The problem in much of Michigan isn't a lack of bucks, it's a lack of antlered/older deer. There are plenty of button bucks in Michigan, it's just the vast majority don't make it past 1.5 yrs old. It is the selfish wants of hunters that lead to overpopulation in many areas of this state - those who want more bucks and, therefore, refuse to (or can't) shoot does.


----------



## Putman Lake Campground (Oct 4, 2010)

Radar420 said:


> First, Goats are in the family Bovidae and white-tails in the family Cervidae.
> 
> Second, white-tails are a natural resource - why should they be managed like a domestic population (ie a farm) instead of like a wild population?
> 
> ...



I never did really know if they were or weren't but with all the goat stories and jokes, and remarkable resemblance in characteristics... etc. I wasn't sure. so are they different subspecies?

The comparison was for demonstration purposes. What it shows is how many does a buck should be able to breed successfully.

I didn't know we had an over population of bucks? I realize that insurance companies could argue that point. And mega farmers also agree that there are too many deer are eating their crops. But I just don't remember an issue of over population of bucks.

Of course if we had more does, in turn more bottom bucks, then there would be more bottom bucks that stand a chance of becoming mature bucks.

I think I'll steer clear of the doe issue. I have my beliefs and I have my practices, and then we have the law/s, I Personally stay in check with all three and ad ethics to it also. (Oops I said I'd steer clear.. darn...).


----------



## Radar420 (Oct 7, 2004)

Putman Lake Campground said:


> I didn't know we had an over population of bucks?
> 
> Of course if we had more does, in turn more bottom bucks, then there would be more bottom bucks that stand a chance of becoming mature bucks.
> 
> I think I'll steer clear of the doe issue.

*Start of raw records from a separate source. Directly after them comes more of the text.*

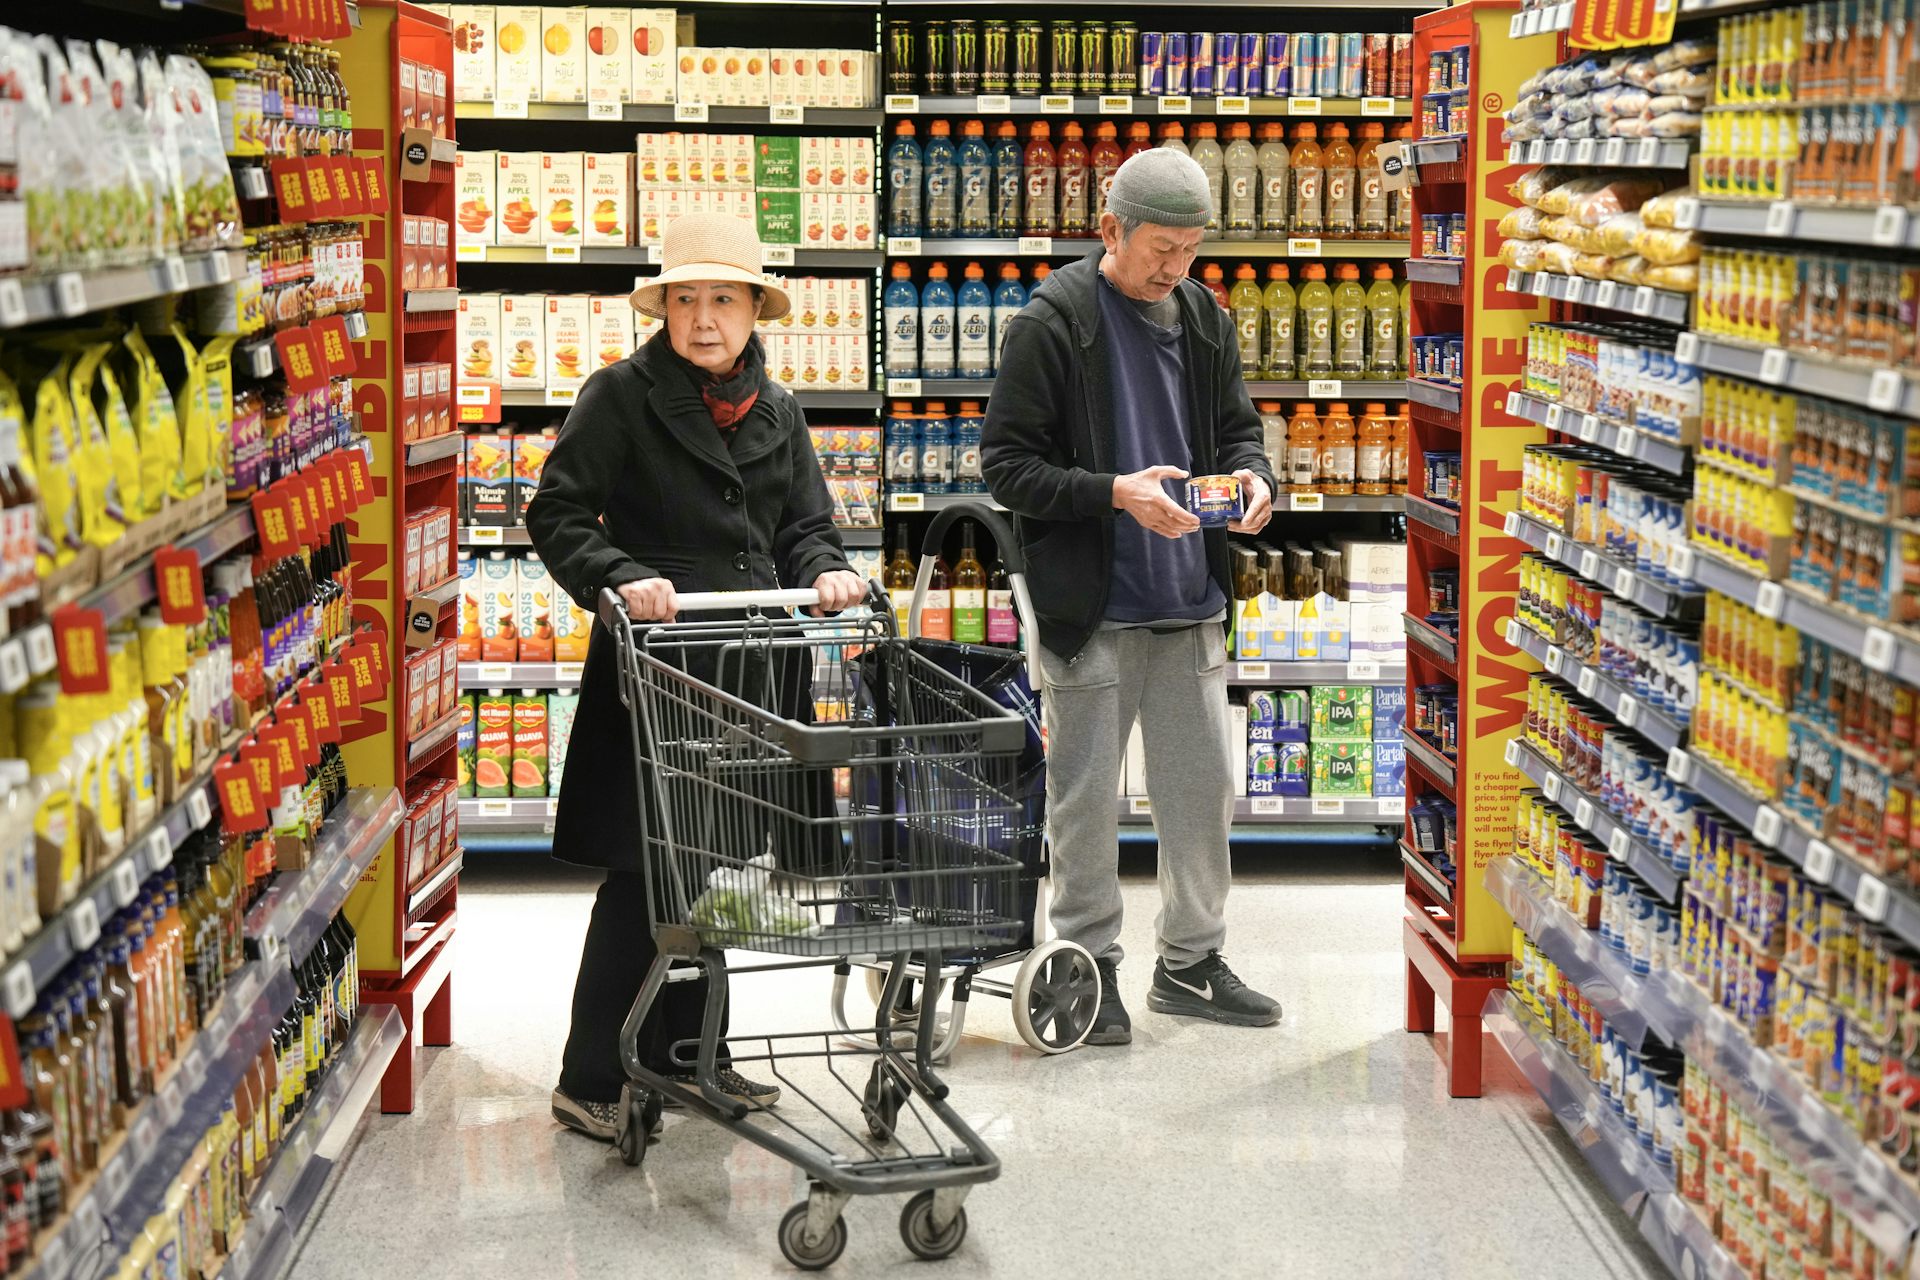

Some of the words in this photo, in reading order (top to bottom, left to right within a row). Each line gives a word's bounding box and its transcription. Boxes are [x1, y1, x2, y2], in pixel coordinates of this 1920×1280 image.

[601, 66, 619, 77] kiju
[646, 67, 664, 79] kiju
[307, 170, 321, 202] DROP
[314, 167, 331, 201] PRICE
[335, 168, 350, 200] PRICE
[368, 169, 380, 199] PRICE
[891, 169, 904, 188] G
[928, 174, 943, 196] G
[967, 176, 981, 196] G
[1004, 176, 1018, 196] G
[1028, 176, 1042, 196] G
[1066, 176, 1081, 196] G
[1233, 177, 1247, 198] G
[1268, 177, 1281, 197] G
[1301, 178, 1315, 199] G
[1330, 178, 1344, 199] G
[1364, 178, 1378, 198] G
[894, 325, 916, 334] ZERO
[928, 325, 950, 334] ZERO
[963, 325, 986, 334] ZERO
[1242, 318, 1256, 339] G
[1277, 318, 1290, 339] G
[1314, 318, 1327, 339] G
[1341, 318, 1356, 339] G
[1378, 318, 1392, 339] G
[330, 330, 345, 360] PRICE
[1480, 337, 1536, 427] BE
[899, 450, 913, 468] G
[923, 450, 937, 468] G
[962, 450, 976, 468] G
[1322, 452, 1334, 468] G
[351, 461, 364, 491] PRICE
[320, 477, 335, 509] PRICE
[1201, 504, 1232, 512] PLANTERS
[485, 592, 496, 638] OASIS
[521, 592, 532, 638] OASIS
[558, 592, 568, 638] OASIS
[370, 642, 382, 671] PRICE
[350, 658, 363, 688] DROP
[358, 656, 372, 686] PRICE
[330, 677, 341, 708] DROP
[339, 676, 350, 707] PRICE
[306, 698, 320, 729] DROP
[316, 696, 329, 728] PRICE
[1332, 707, 1353, 718] IPA
[480, 732, 509, 742] GUAVA
[514, 732, 544, 742] GUAVA
[1332, 762, 1353, 773] IPA
[1484, 774, 1499, 784] you
[1484, 783, 1518, 793] cheaper
[1475, 795, 1498, 803] price,
[1474, 850, 1494, 861] flyer
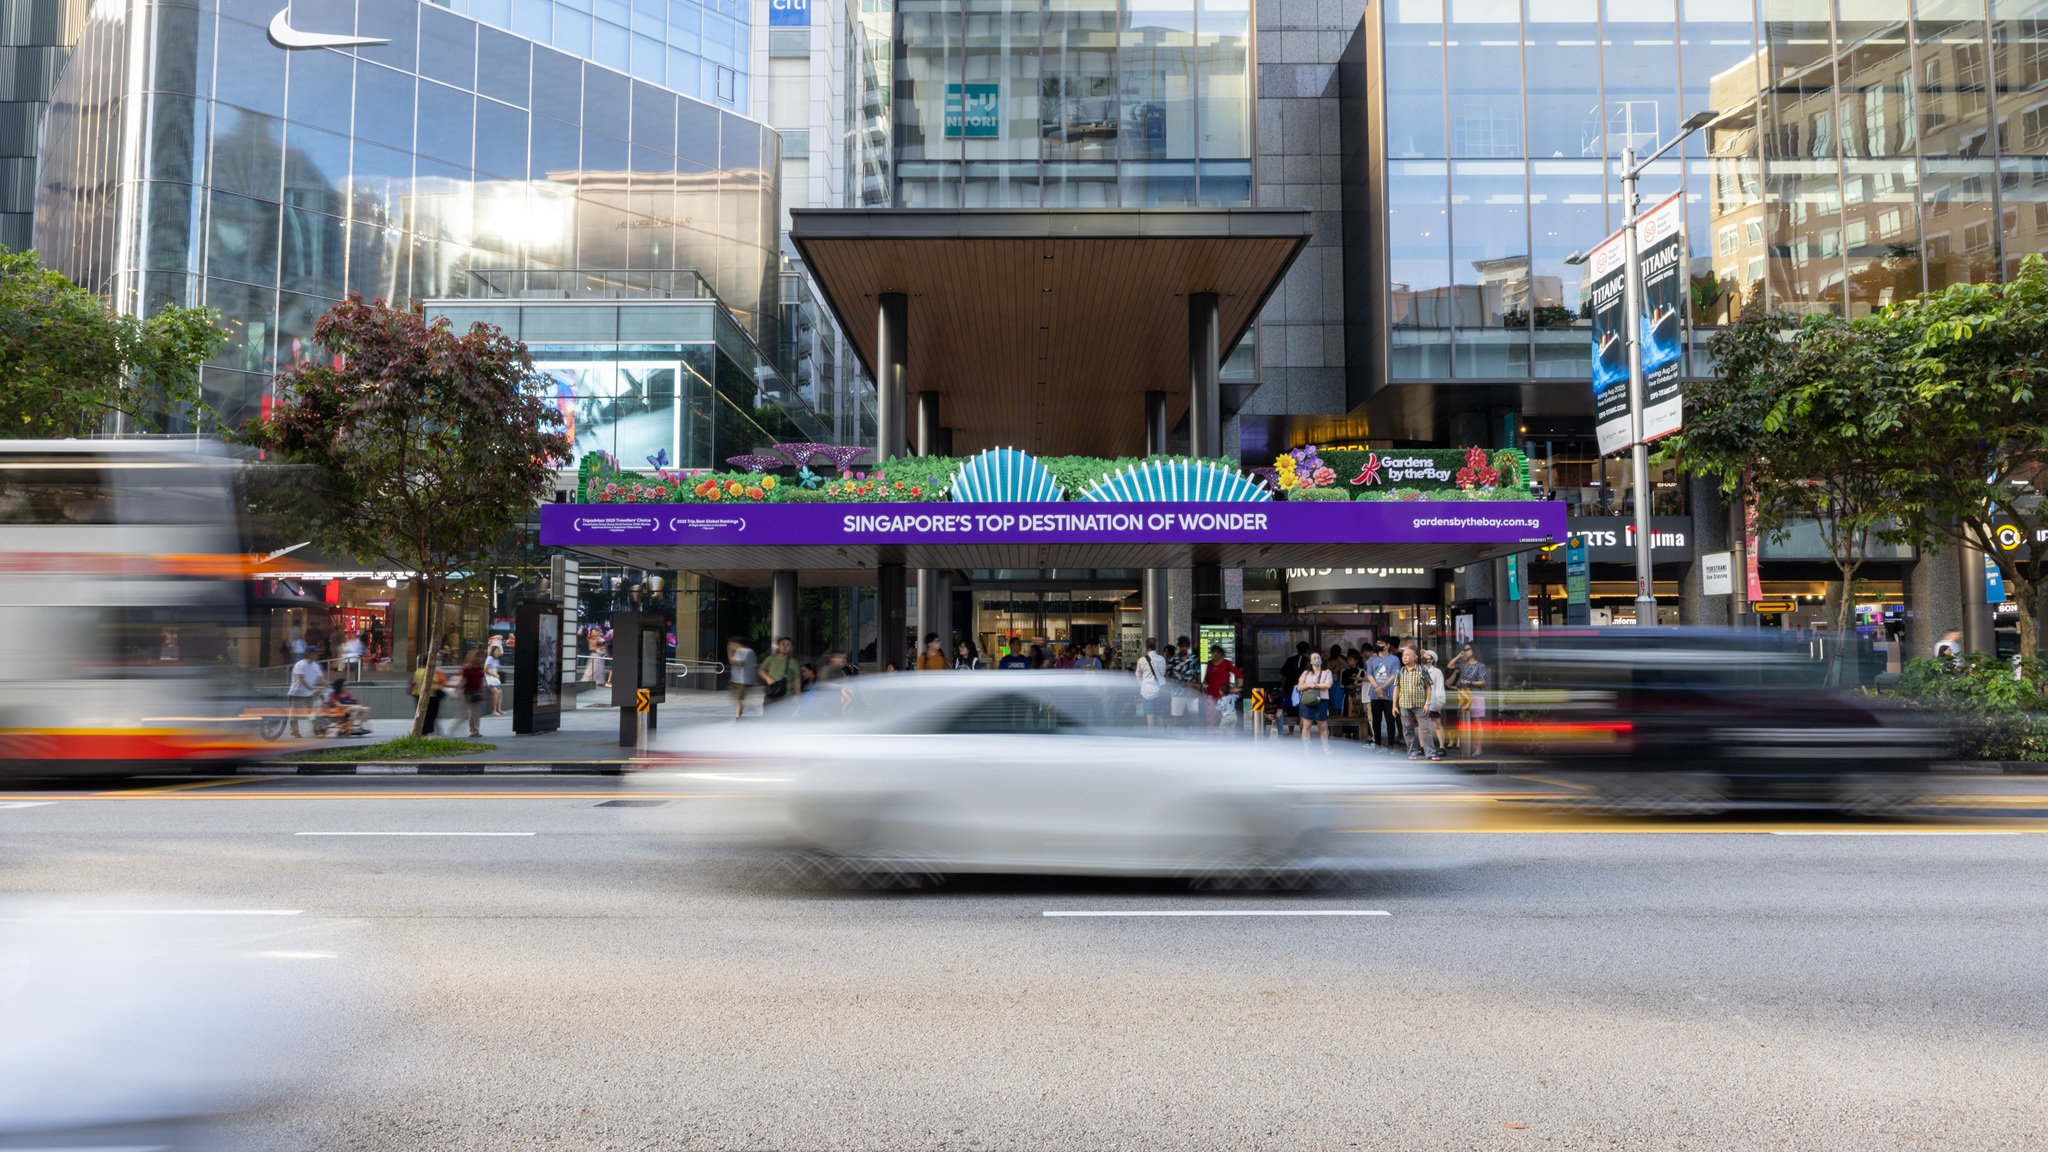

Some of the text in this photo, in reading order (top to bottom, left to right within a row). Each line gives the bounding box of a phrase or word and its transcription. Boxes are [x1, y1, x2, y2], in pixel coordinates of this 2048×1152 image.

[947, 93, 996, 112] ニトリ
[946, 116, 996, 127] NITORI
[1641, 243, 1678, 277] TITANIC
[1593, 273, 1624, 306] TITANIC
[1661, 366, 1671, 376] Aug
[1381, 456, 1434, 468] Gardens
[1388, 468, 1451, 482] by the Bay
[843, 514, 1268, 532] SINGAPORE'S TOP DESTINATION OF WONDER
[1413, 517, 1540, 528] gardensbythebay.com.sg
[1705, 564, 1728, 572] PEDESTRIANS
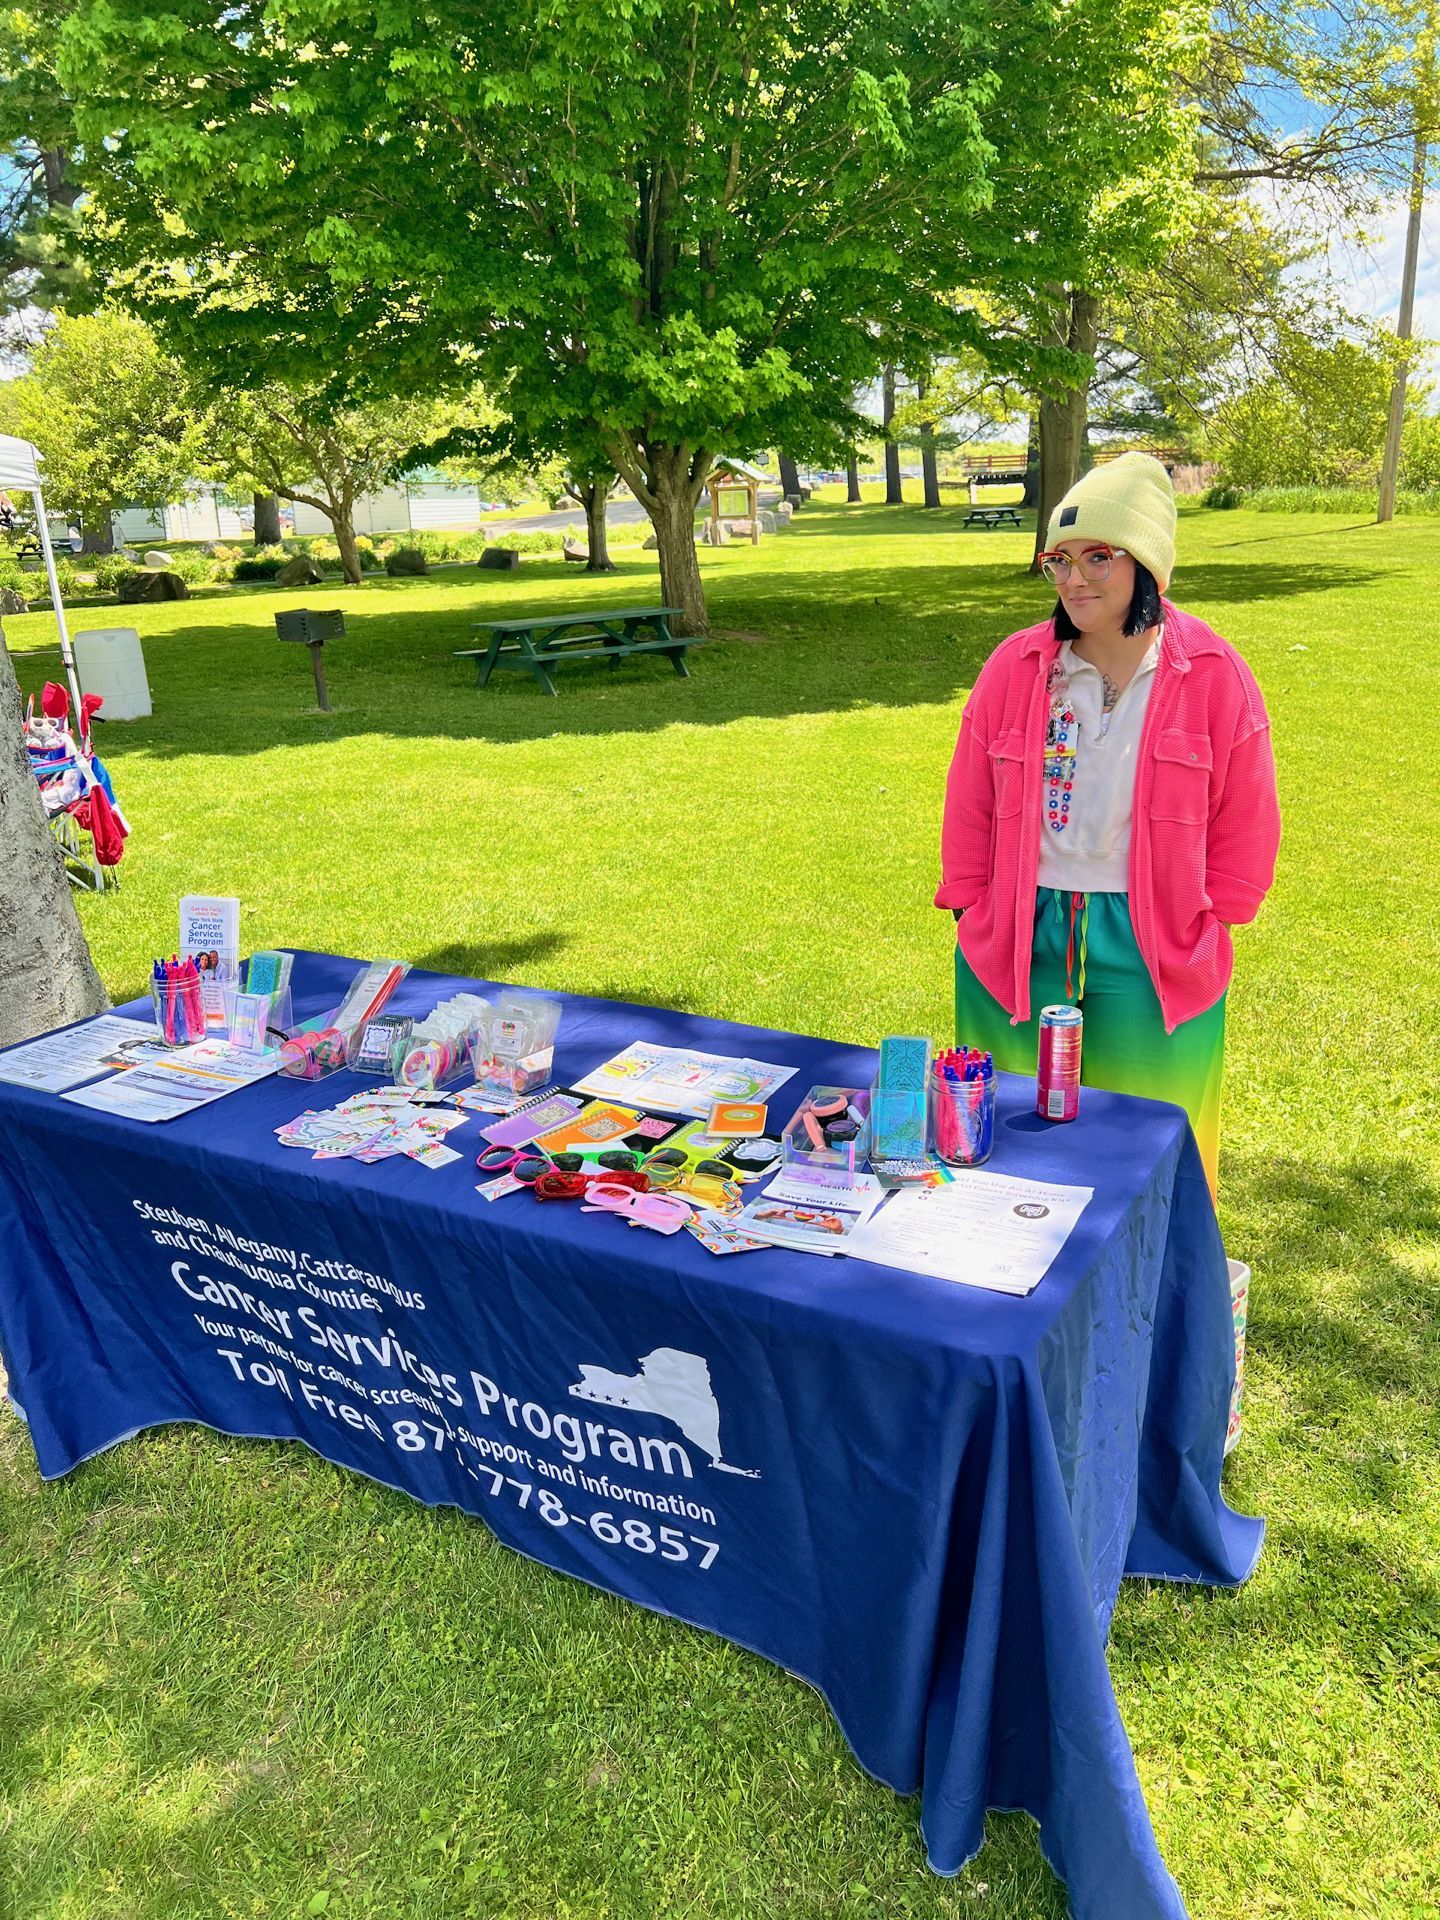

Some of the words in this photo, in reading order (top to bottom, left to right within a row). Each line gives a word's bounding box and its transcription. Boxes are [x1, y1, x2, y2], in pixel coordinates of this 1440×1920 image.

[188, 930, 224, 938] Services
[188, 937, 224, 947] Program
[191, 921, 221, 931] Cancer
[779, 1191, 802, 1201] Save
[806, 1197, 828, 1205] Your
[133, 1199, 217, 1241] Steuben,
[214, 1223, 304, 1270] Allegany,
[301, 1252, 426, 1311] Cattaraugus
[151, 1229, 190, 1250] and
[189, 1235, 296, 1290] Chautauqua
[296, 1273, 383, 1313] Counties
[170, 1261, 293, 1340] Cancer
[298, 1307, 463, 1407] Services
[470, 1371, 694, 1479] Program
[193, 1313, 237, 1338] Your
[238, 1326, 291, 1362] partner
[289, 1349, 316, 1375] for
[318, 1364, 368, 1400] cancer
[370, 1388, 456, 1441] screeni,
[457, 1426, 535, 1470] support
[537, 1458, 576, 1487] and
[579, 1470, 718, 1527] information
[217, 1348, 294, 1401] Toll
[299, 1378, 386, 1442] Free
[391, 1419, 722, 1571] 87-778-6857

I have my beliefs and I have my practices, and then we have the law/s, I Personally stay in check with all three and ad ethics to it also. (Oops I said I'd steer clear.. darn...).


We have an overpopulation of deer in much of the state - which includes a fair portion of button bucks. (remember just because they don't have antlers yet, they are still bucks)

I don't know where you hunt, the habitat you're in, what kinds of numbers you see while hunting, or what your harvest statistics are but I can give my thoughts on flaws to your argument. From sheerly a hunter's perspective, who wouldn't want to see more bucks (read: antlered deer)? No one, right? To get more bucks we need to pass on shooting does. If everyone decided to not shoot does, then how do we control the population since it's the females giving birth every year (often times to twin fawns). Over population leads to habitat loss and changes in herd dynamics which can cause a host of other problems.

If people truly want to see more bucks they should push for rules that limit buck harvest or just personally limit themselves in what they harvest and try and convince others the same. 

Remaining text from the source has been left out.